__PROVIDED ENTRIES__:
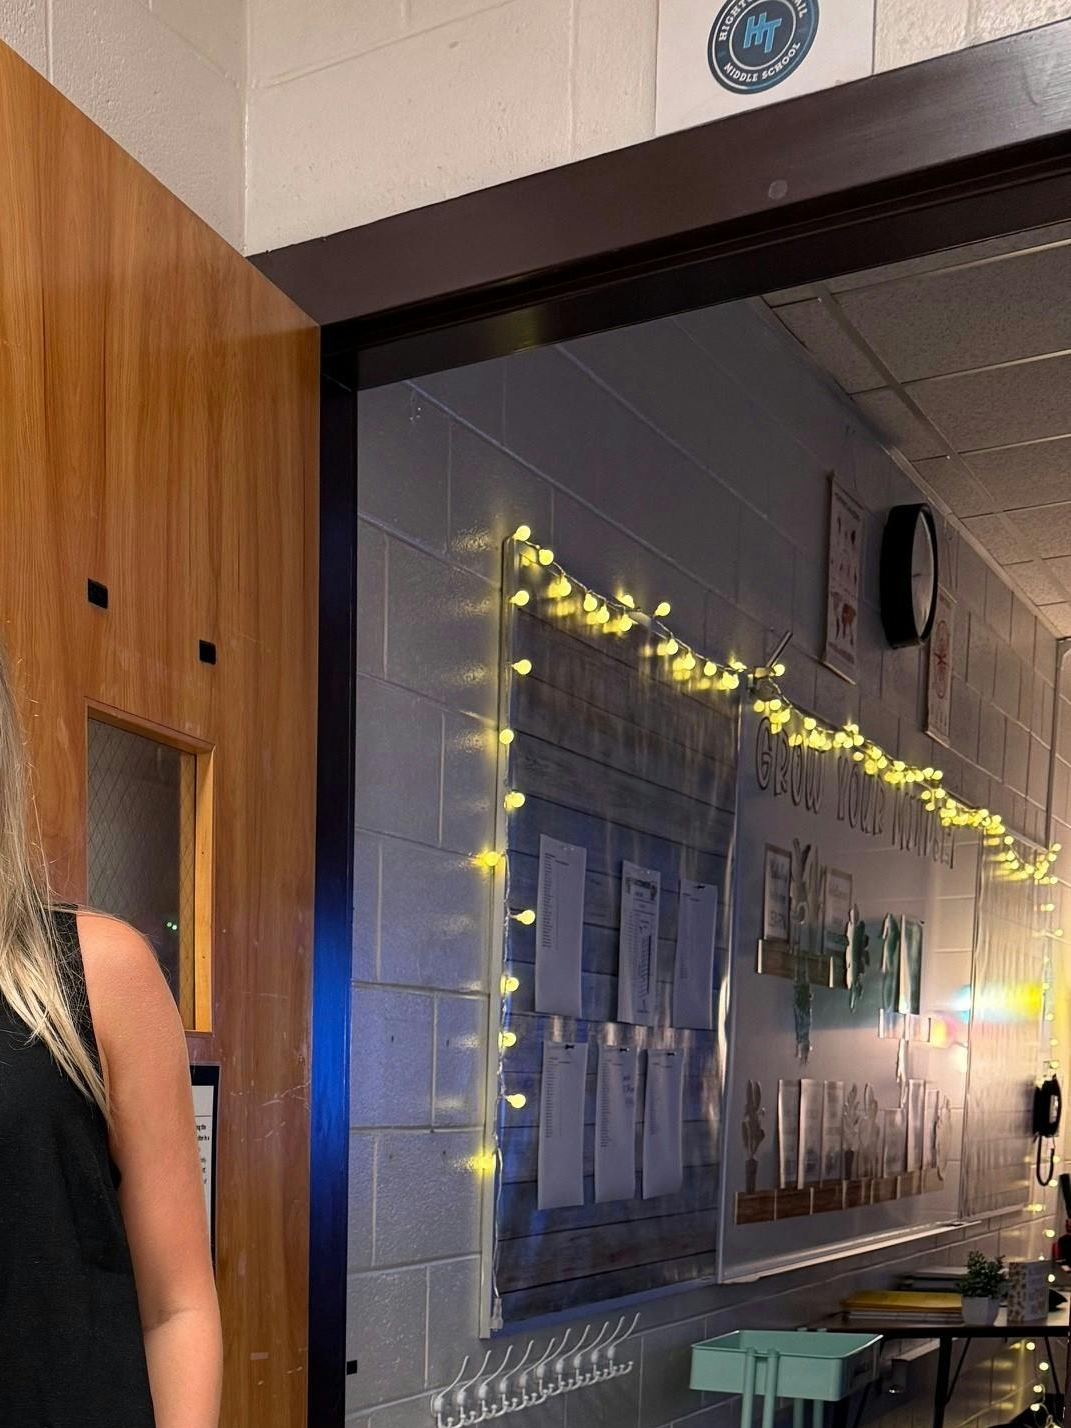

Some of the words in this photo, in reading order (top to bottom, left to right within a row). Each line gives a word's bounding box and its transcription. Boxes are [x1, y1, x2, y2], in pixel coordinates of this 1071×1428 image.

[719, 0, 753, 41] HIGHT
[743, 12, 783, 54] HT
[724, 62, 759, 82] MIDDLE
[761, 42, 801, 80] SCHOOL
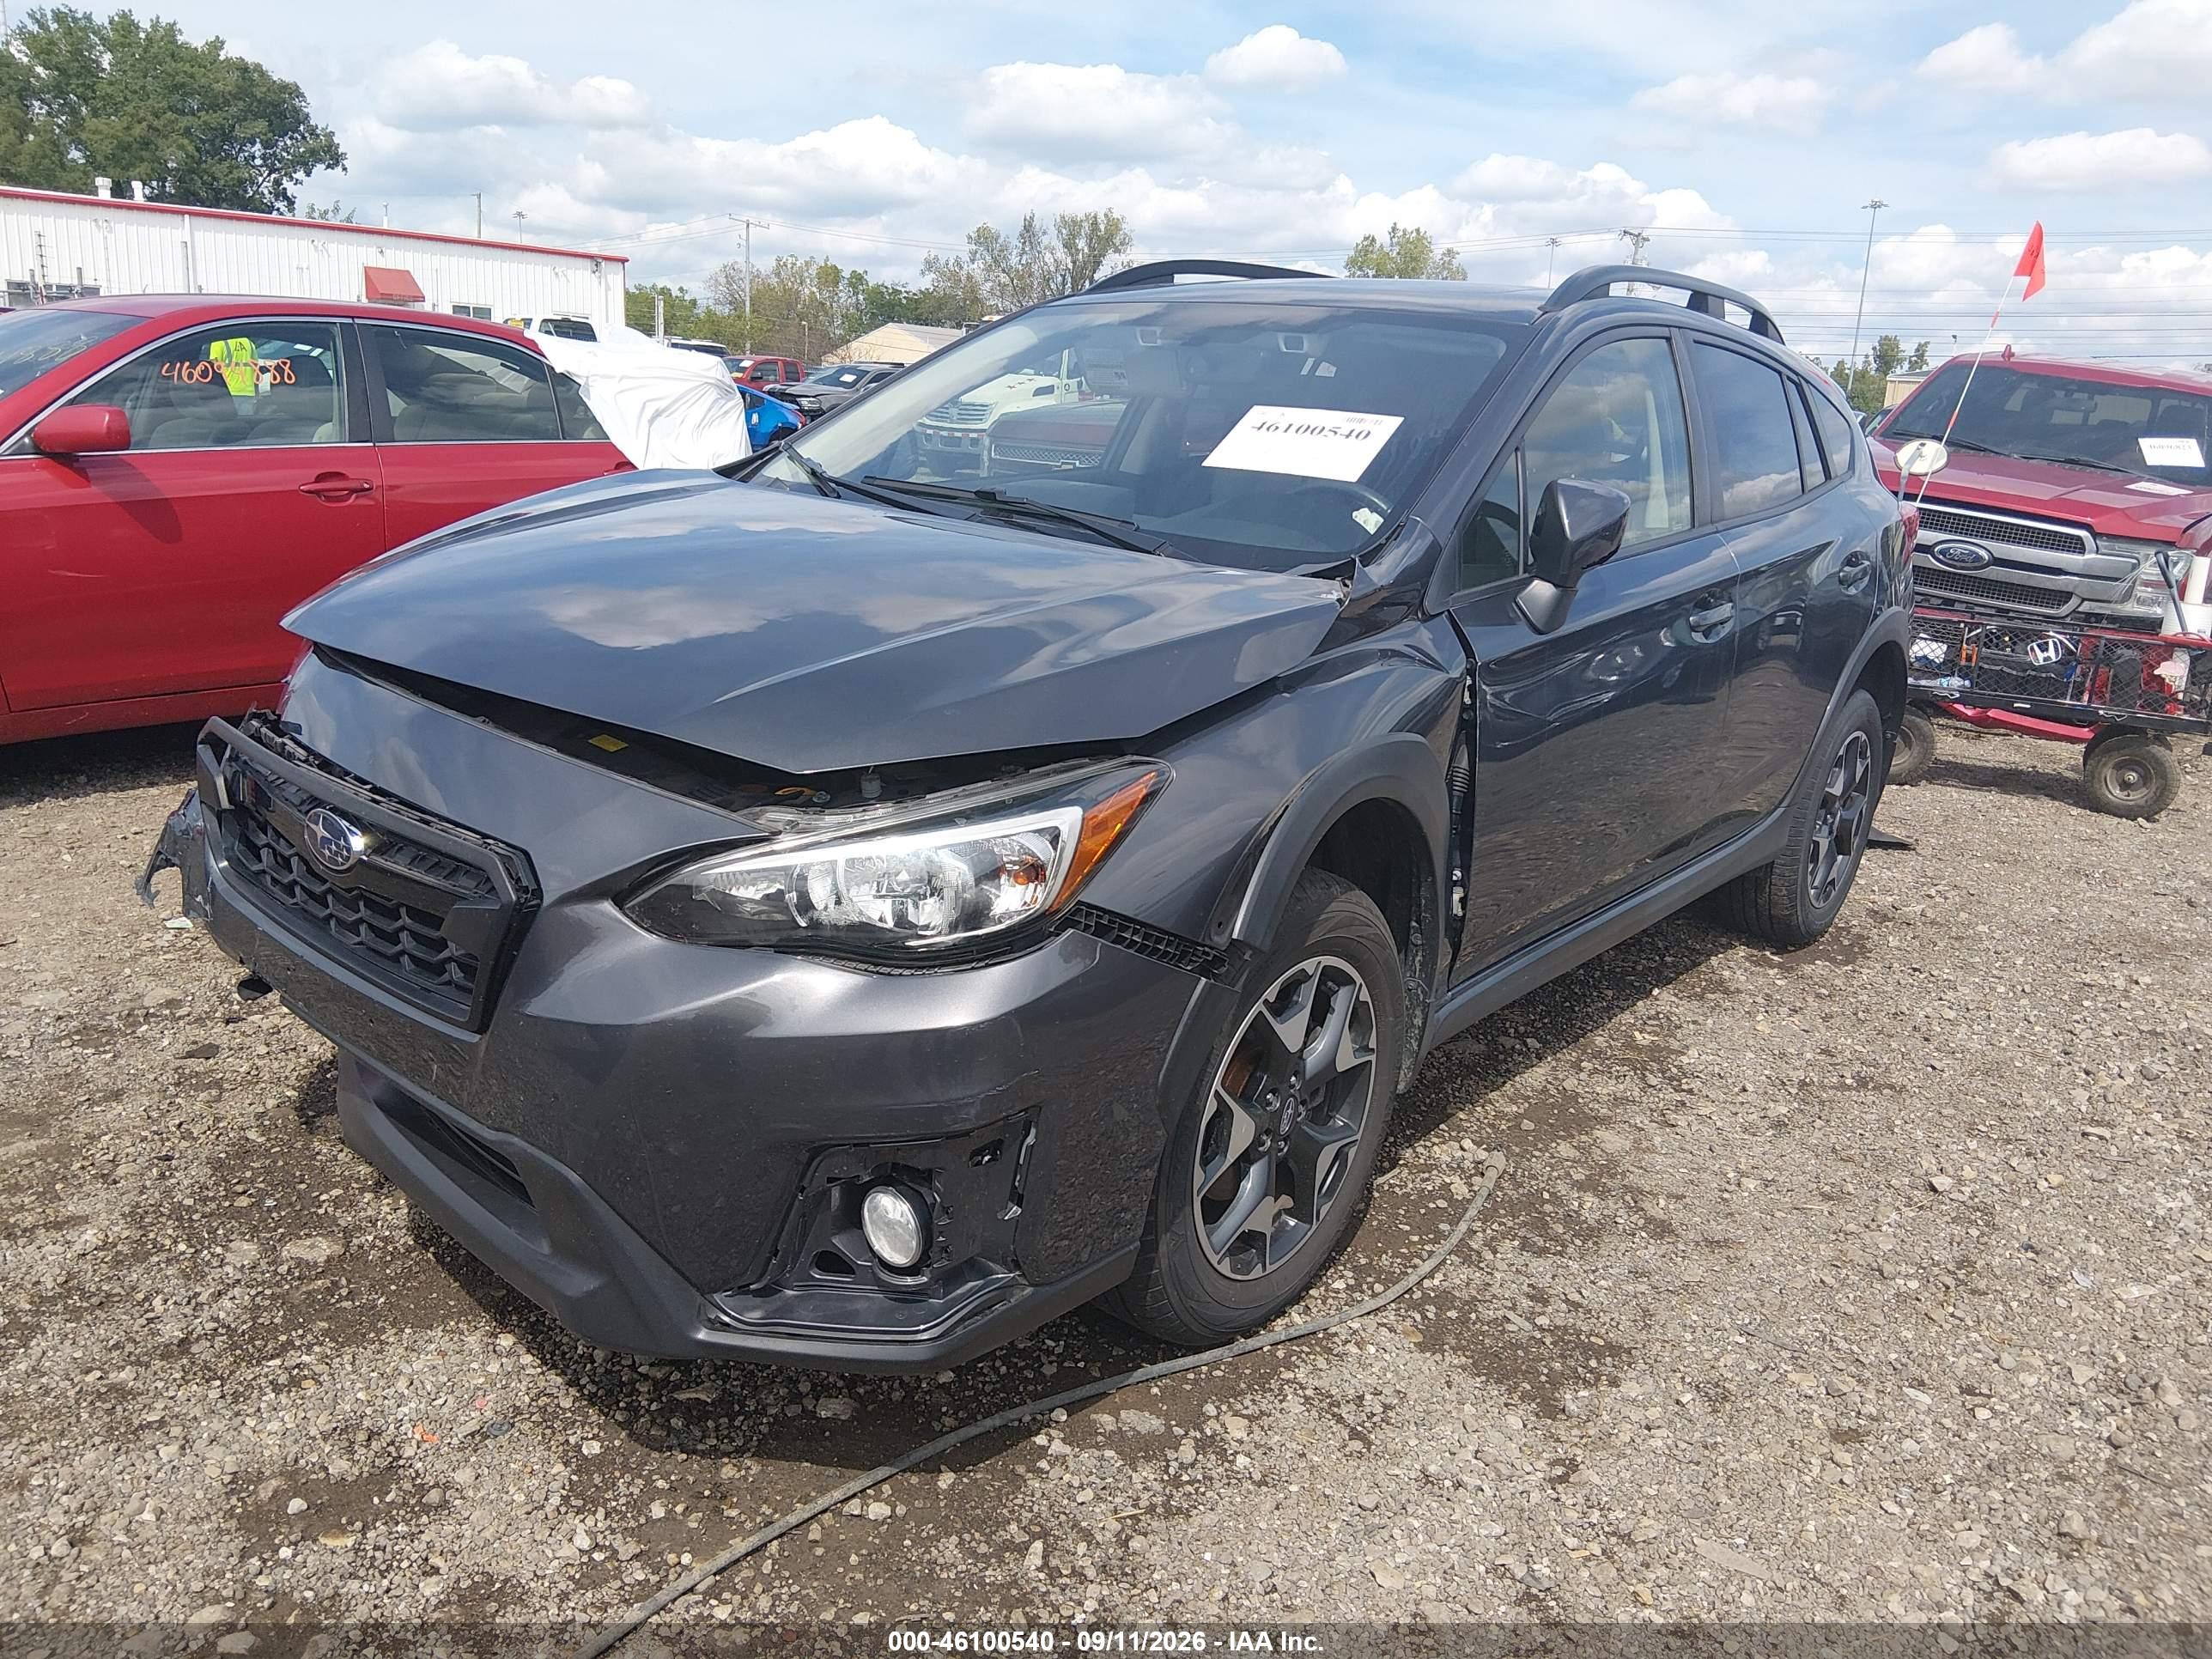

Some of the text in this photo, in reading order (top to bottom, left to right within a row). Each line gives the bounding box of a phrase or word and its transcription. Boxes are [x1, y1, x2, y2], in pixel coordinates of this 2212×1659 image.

[161, 358, 296, 386] 46094888
[1250, 421, 1371, 441] 46100540
[1945, 547, 1977, 562] Ford

__PROBLEM DESCRIPTION__:
Would you set down each line of the listing above exactly, apart from the pictures?

__EXERCISE RESULT__:
Some of the words in this photo, in reading order (top to bottom, left to right within a row). Each line gives a word's bounding box and its transcription. Boxes are [x1, y1, x2, y2], in pixel coordinates of this 1071×1428 image.

[719, 0, 753, 41] HIGHT
[743, 12, 783, 54] HT
[724, 62, 759, 82] MIDDLE
[761, 42, 801, 80] SCHOOL

Some of the text in this photo, in reading order (top to bottom, left to right within a row). Each line gives the bounding box of a phrase or word and its transcription. Boxes are [x1, y1, x2, y2], in pixel coordinates of this 2212×1659 image.

[161, 358, 296, 386] 46094888
[1250, 421, 1371, 441] 46100540
[1945, 547, 1977, 562] Ford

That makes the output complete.